El moonmilk, un depósito endokárstico singular. Presencia en cavidades españolas

Moonmilk: a singular endokarstic deposit. Presence in Spanish caves

 

J.J. Durán(1,2), J. López-Martínez(1), J.L. Martín de Vidales(1), J. Casas(1,3) y J. Barea(1)

 

(1) Universidad Autónoma de Madrid, Facultad de Ciencias, Departamento de Química Agrícola, Geología y Geoquímica. Carretera de Colmenar Viejo, km 15, 28049 Madrid.

(2) Instituto Tecnológico Geominero de España. Ríos Rosas, 23, 28003 Madrid.

(3) Centro de Ciencias Medioambientales. CSIC, Serrano, 115 bis, 28006 Madrid.

 

Abstract

    Moonmilk is an endokarstic deposit which composition and genesis is controversial. In this work, the presence of moonmilk-type deposits is summarized and studied in four Spanish caves, located in areas with different geological, geographical and environmental conditions. The theories about their origin proposed in the literature are discussed and considered in relation to the studied cases. In the present study the moonmilk has been found under very different endokarstic environmental conditions, from cold to warm caves, with main air temperature ranging from less than 10ºC up to 20ºC. According to their composition, two main types of moonmilk have been observed: calcium-rich and magnesium-rich carbonates, depending on the original composition of the rock where the cave is developed. The magnesium-rich carbonate moonmilks can be mono or polimineral, possibly depending on the environmental and physico-chemical characteristics of the deposit surroundings and of the water composition. In all the cases the presence of moonmilk is related to the arrival to the cave, by porous and very small fisures, of waters with a very high CO2 pressure. Signs of microbiological activity participation on the moonmilk formation have not been observed.
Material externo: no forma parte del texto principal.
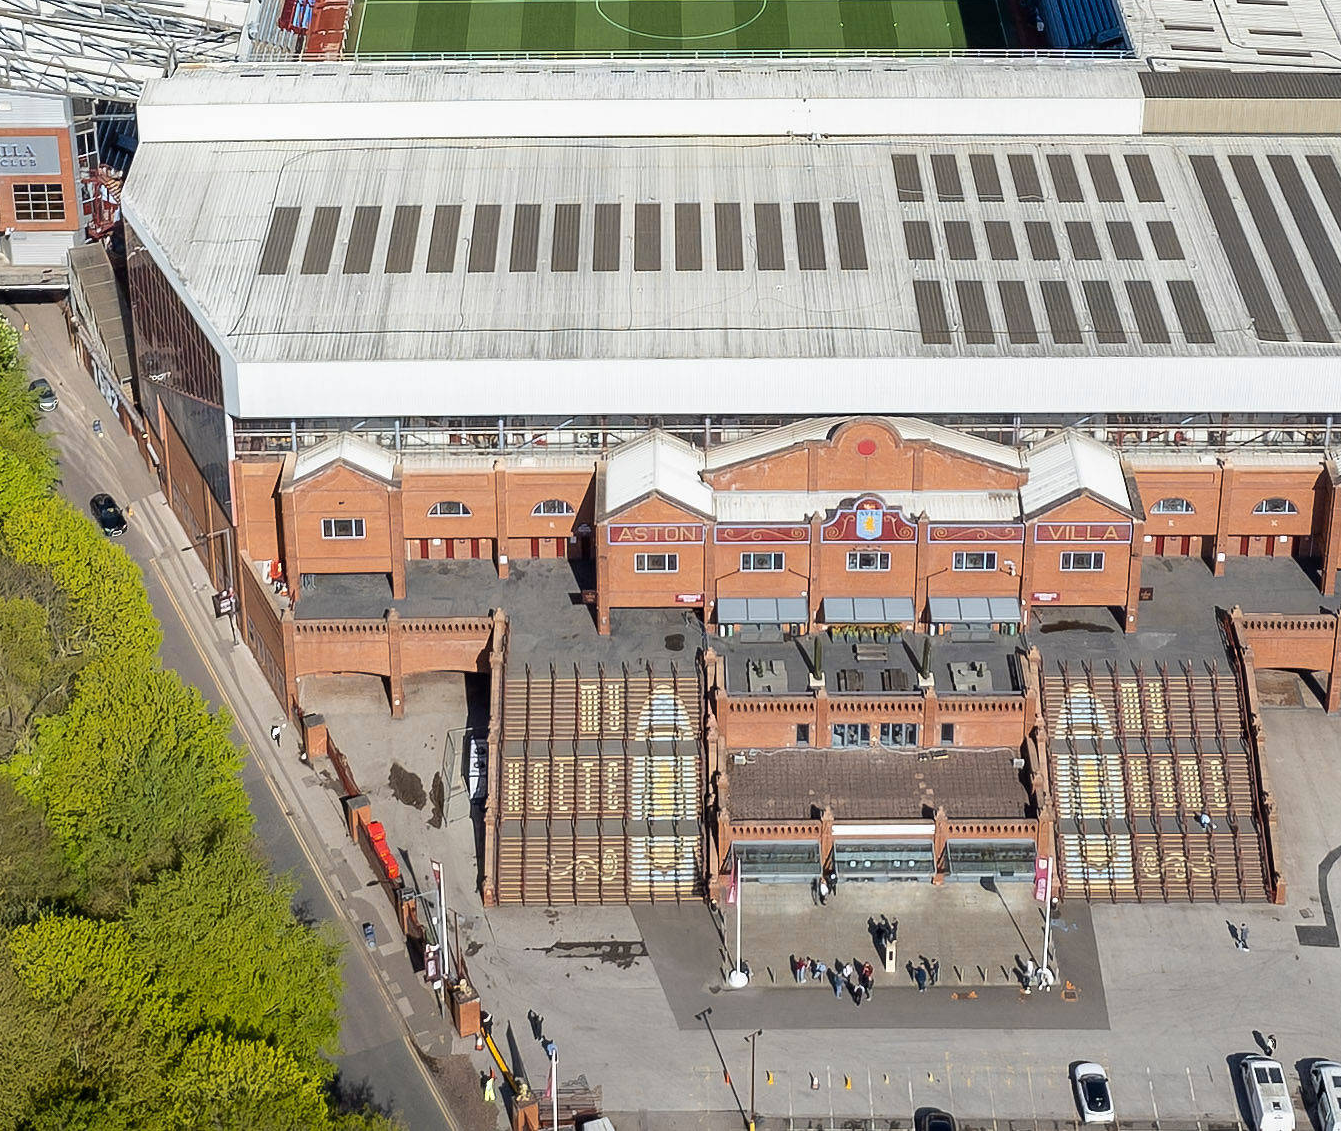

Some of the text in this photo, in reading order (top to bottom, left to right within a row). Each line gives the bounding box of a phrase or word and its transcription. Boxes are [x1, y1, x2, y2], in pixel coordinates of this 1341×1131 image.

Key words: cave deposits, karst, moonmilk, Spanish caves.

 

 

Escríbenos:

 

Introducción

    El término moonmilk proviene del nombre de una cavidad kárstica situada en Suiza, al sur del monte Pilatus, a una altitud de 1.710 m s.n.m. Esta cueva, conocida desde el siglo XVI, se denominaba con el nombre de “Höhle mondmilchloch”, es decir “Caverna de la leche de luna”, debido a la existencia en su interior de unos depósitos no consolidados de color blanco, muy apreciados por sus supuestas virtudes terapéuticas. De hecho, este material ha sido utilizado por la farmacopea centroeuropea durante los siglos XVI a XVIII, como remedio para numerosas enfermedades (como secante de úlceras, como antiácido y antidiarreico, contra las fiebres malignas) y como cosmético de belleza para caras y manos (Hill y Forti, 1986). Desde entonces, el moonmilk ha sido citado en cavidades kársticas de más de una veintena de países, repartidos entre Europa central y meridional, Centroamérica, Caribe, Estados Unidos, África central, Sureste asiático y Australia. Ha sido objeto de numerosas controversias en relación con su definición, composición mineralógica, génesis y nomenclatura, habiendo sido utilizadas hasta 79 denominaciones diferentes (Heller, 1966, en Hill y Forti, 1986). Sin embargo, son muy escasos los trabajos encaminados a relacionar su presencia con factores ambientales. 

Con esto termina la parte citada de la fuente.